Be a witness at the Cortez Public Library as Four Corners crime writers Chuck Greaves, Scott Graham and Paul Berkowitz lead a panel discussion, moderated by Anne Benson, at 6 p.m. Monday.
According to the library, you will find out how the three became accomplished writers of crime and mystery. Bring questions and delve into the mysteries of these three authors who live and write in the area.

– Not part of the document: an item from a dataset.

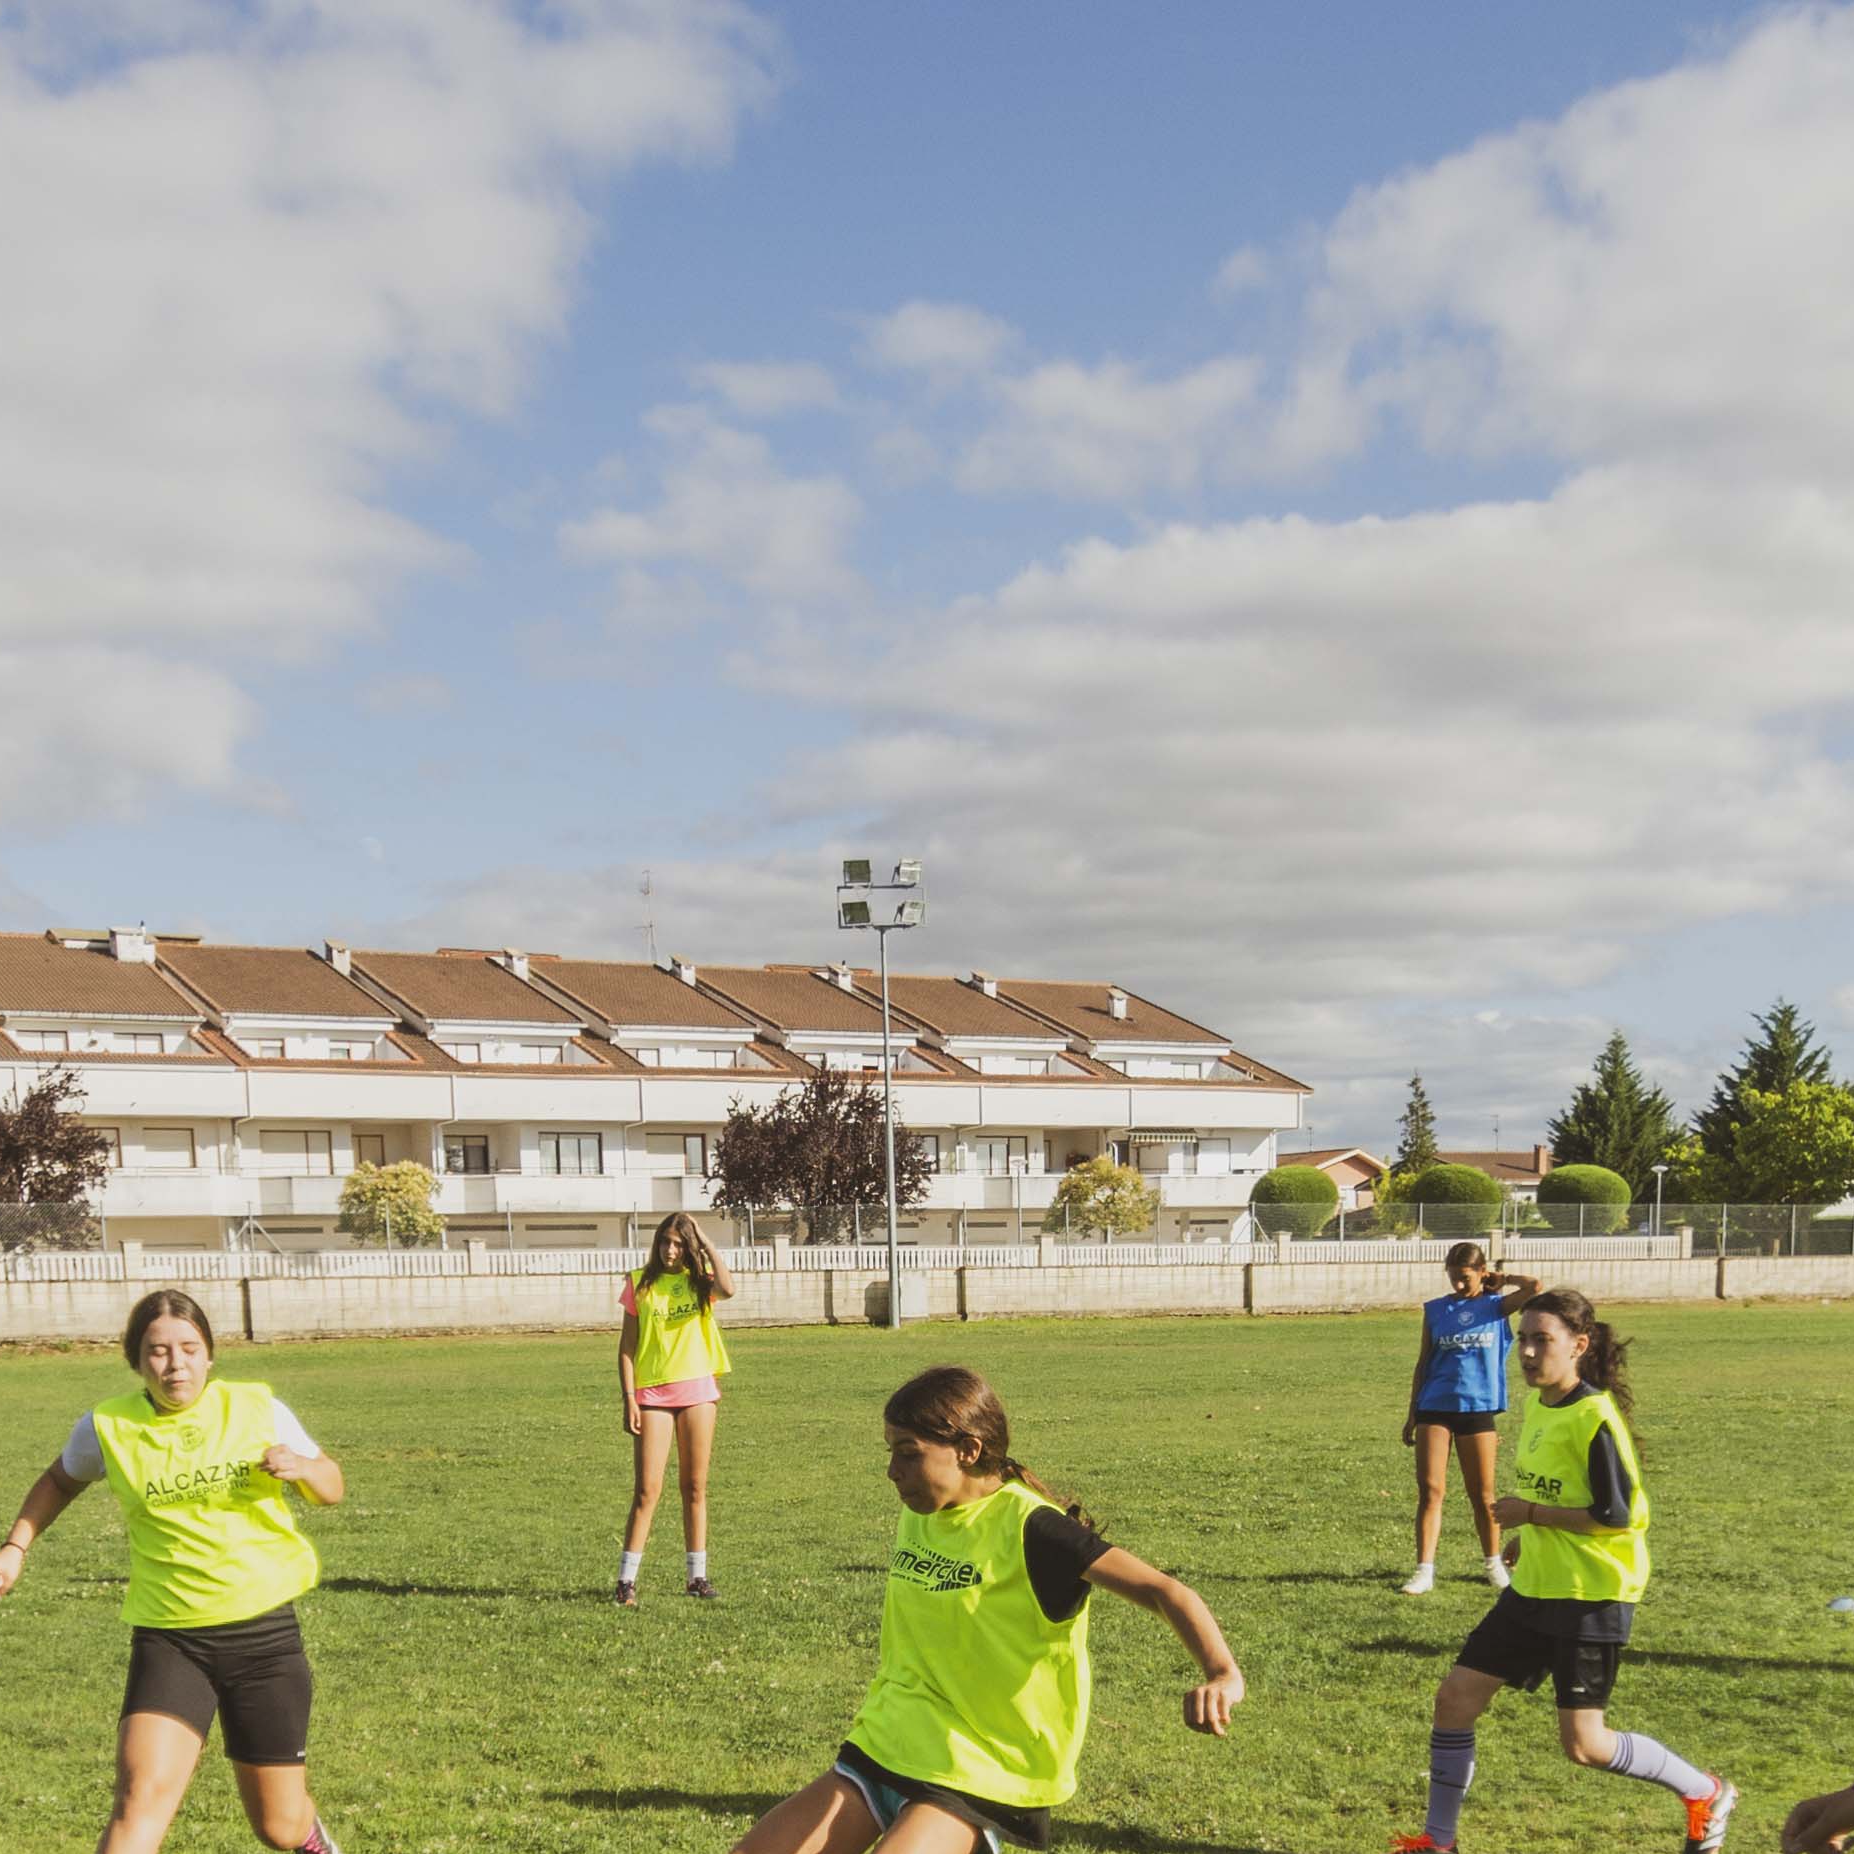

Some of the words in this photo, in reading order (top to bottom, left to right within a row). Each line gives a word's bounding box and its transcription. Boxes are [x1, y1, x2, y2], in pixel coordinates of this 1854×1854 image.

[653, 1303, 698, 1316] ALCAZA
[145, 1460, 251, 1499] ALCAZAR
[151, 1491, 184, 1508] CLUB

Greaves wanted to write novels, but law school and 25 years of trial work in Los Angeles intervened. Since retiring from practice in 2006, he has written five crime novels, most recently Tom and Lucky (Bloomsbury), a Wall Street Journal “Best Books of 2015” selection and a finalist for the 2016 Harper Lee Prize. Greaves has been a finalist for most of the major awards in crime fiction, including the Shamus, Macavity, Lefty and Audie, as well as the New Mexico-Arizona, Oklahoma and Colorado Book Awards.
He is also a member of the National Book Critics Circle and writes the monthly “Prose and Cons” column for the Four Corners Free Press, sharing book review duties with Durango’s Scott Graham.
He and his wife, Lynda, own the Stark Raven Vineyard in McElmo Canyon.
Graham, winner of the National Outdoor Book Award, is the author of Canyon Sacrifice, Mountain Rampage and Yellowstone Standoff – books one through three in the National Park Mystery Series for Torrey House Press. Yosemite Fall, book four in the series, will be released in June. He also wrote the winner of the National Outdoor Book Award, Extreme Kids.
Like most visitors to America’s first national park, Graham was awestruck by Yellowstone as a child. His fascination with the park has continued in the years since, with numerous visits to Yellowstone’s geyser- and wildlife-filled front country and its incomparable wilderness.
He is an avid outdoorsman and amateur archaeologist who enjoys mountaineering, skiing, hunting, rock climbing and whitewater rafting with his wife and their two sons in Durango.
Berkowitz retired after a 33-year career in law enforcement, primarily with the National Park Service. Berkowitz was probably most distinguished by his role as a whistleblower, reporting, writing and testifying before a congressional subcommittee about government corruption. Some of those events and activities are chronicled in his award-winning book The Case of the Indian Trader: Billy Malone and the National Park Service Investigation at Hubbell Trading Post (University of New Mexico Press, 2011).
His most recent book, Legacy of the Yosemite Mafia, explores these issues further, presenting details of previously secret documents, witness statements and testimony to reveal the longstanding nature of problems in the park service and how the failure to confront these issues has compromised its ability to achieve its conservation mission.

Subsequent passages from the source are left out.